(Information shown begins)

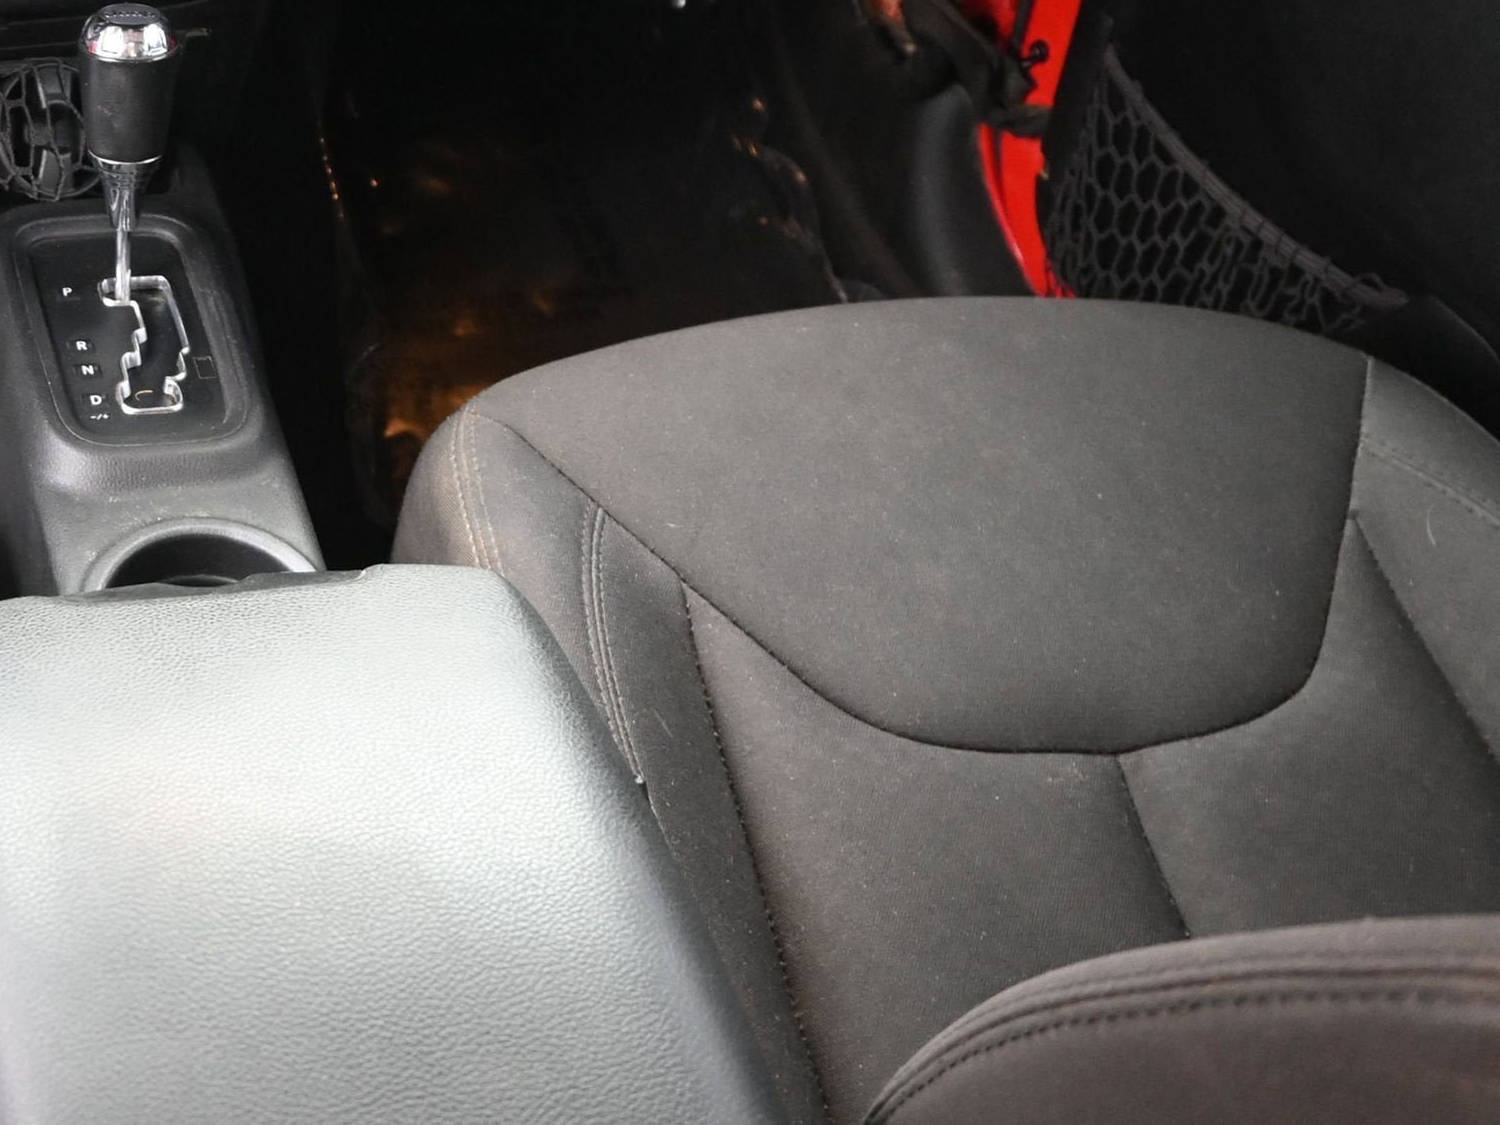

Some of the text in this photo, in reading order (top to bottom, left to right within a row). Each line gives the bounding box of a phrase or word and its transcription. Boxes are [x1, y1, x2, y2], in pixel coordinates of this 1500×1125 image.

[62, 287, 73, 296] P
[75, 340, 88, 351] R
[81, 365, 95, 375] N
[90, 394, 102, 406] D

(Information shown ends)

What to do >> I would like the material repeated in full and exactly, with its images omitted.

Solution to this task >>
Some of the text in this photo, in reading order (top to bottom, left to right within a row). Each line gives the bounding box of a phrase or word and its transcription. Boxes are [x1, y1, x2, y2], in pixel coordinates of this 1500×1125 image.

[62, 287, 73, 296] P
[75, 340, 88, 351] R
[81, 365, 95, 375] N
[90, 394, 102, 406] D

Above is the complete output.